**What the task requires:**
Take the entries below and print all of them exactly, please.

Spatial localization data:
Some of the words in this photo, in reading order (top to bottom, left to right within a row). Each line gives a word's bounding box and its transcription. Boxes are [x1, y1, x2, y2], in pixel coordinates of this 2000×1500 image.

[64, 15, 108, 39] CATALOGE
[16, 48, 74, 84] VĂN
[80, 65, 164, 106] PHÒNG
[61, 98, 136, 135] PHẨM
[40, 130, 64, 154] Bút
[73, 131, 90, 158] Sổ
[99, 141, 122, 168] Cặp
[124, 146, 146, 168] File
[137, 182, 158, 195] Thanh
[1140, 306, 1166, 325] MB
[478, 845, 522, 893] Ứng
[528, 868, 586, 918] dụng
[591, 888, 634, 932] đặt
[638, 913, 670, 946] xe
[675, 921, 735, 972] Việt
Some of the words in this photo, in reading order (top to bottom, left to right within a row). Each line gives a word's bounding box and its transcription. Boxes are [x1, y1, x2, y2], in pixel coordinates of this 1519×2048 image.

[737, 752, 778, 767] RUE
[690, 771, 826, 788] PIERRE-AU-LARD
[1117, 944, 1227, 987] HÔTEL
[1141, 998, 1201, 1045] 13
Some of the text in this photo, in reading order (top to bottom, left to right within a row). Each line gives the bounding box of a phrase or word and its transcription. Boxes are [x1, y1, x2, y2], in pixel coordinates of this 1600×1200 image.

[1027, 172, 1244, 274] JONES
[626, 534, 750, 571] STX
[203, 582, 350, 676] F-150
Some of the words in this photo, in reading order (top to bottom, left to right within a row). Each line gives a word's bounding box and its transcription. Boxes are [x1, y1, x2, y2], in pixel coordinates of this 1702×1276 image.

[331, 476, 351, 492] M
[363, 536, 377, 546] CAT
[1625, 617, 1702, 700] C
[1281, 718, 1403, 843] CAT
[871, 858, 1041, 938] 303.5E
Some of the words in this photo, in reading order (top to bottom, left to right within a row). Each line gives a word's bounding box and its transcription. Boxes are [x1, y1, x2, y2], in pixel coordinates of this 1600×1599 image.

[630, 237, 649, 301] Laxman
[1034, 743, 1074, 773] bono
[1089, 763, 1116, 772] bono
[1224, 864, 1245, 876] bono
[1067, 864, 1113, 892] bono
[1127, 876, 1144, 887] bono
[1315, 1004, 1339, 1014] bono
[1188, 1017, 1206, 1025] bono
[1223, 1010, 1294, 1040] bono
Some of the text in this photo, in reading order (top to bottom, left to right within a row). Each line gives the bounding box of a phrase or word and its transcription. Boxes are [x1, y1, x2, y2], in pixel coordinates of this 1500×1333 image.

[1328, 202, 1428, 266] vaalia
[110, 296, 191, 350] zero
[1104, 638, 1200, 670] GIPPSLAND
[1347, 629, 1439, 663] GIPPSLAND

**Response below:**
Some of the words in this photo, in reading order (top to bottom, left to right within a row). Each line gives a word's bounding box and its transcription. Boxes are [x1, y1, x2, y2], in pixel coordinates of this 2000×1500 image.

[64, 15, 108, 39] CATALOGE
[16, 48, 74, 84] VĂN
[80, 65, 164, 106] PHÒNG
[61, 98, 136, 135] PHẨM
[40, 130, 64, 154] Bút
[73, 131, 90, 158] Sổ
[99, 141, 122, 168] Cặp
[124, 146, 146, 168] File
[137, 182, 158, 195] Thanh
[1140, 306, 1166, 325] MB
[478, 845, 522, 893] Ứng
[528, 868, 586, 918] dụng
[591, 888, 634, 932] đặt
[638, 913, 670, 946] xe
[675, 921, 735, 972] Việt
Some of the words in this photo, in reading order (top to bottom, left to right within a row). Each line gives a word's bounding box and its transcription. Boxes are [x1, y1, x2, y2], in pixel coordinates of this 1519×2048 image.

[737, 752, 778, 767] RUE
[690, 771, 826, 788] PIERRE-AU-LARD
[1117, 944, 1227, 987] HÔTEL
[1141, 998, 1201, 1045] 13
Some of the text in this photo, in reading order (top to bottom, left to right within a row). Each line gives the bounding box of a phrase or word and its transcription. Boxes are [x1, y1, x2, y2], in pixel coordinates of this 1600×1200 image.

[1027, 172, 1244, 274] JONES
[626, 534, 750, 571] STX
[203, 582, 350, 676] F-150
Some of the words in this photo, in reading order (top to bottom, left to right within a row). Each line gives a word's bounding box and its transcription. Boxes are [x1, y1, x2, y2], in pixel coordinates of this 1702×1276 image.

[331, 476, 351, 492] M
[363, 536, 377, 546] CAT
[1625, 617, 1702, 700] C
[1281, 718, 1403, 843] CAT
[871, 858, 1041, 938] 303.5E
Some of the words in this photo, in reading order (top to bottom, left to right within a row). Each line gives a word's bounding box and its transcription. Boxes are [x1, y1, x2, y2], in pixel coordinates of this 1600×1599 image.

[630, 237, 649, 301] Laxman
[1034, 743, 1074, 773] bono
[1089, 763, 1116, 772] bono
[1224, 864, 1245, 876] bono
[1067, 864, 1113, 892] bono
[1127, 876, 1144, 887] bono
[1315, 1004, 1339, 1014] bono
[1188, 1017, 1206, 1025] bono
[1223, 1010, 1294, 1040] bono
Some of the text in this photo, in reading order (top to bottom, left to right within a row). Each line gives the bounding box of a phrase or word and its transcription. Boxes are [x1, y1, x2, y2], in pixel coordinates of this 1500×1333 image.

[1328, 202, 1428, 266] vaalia
[110, 296, 191, 350] zero
[1104, 638, 1200, 670] GIPPSLAND
[1347, 629, 1439, 663] GIPPSLAND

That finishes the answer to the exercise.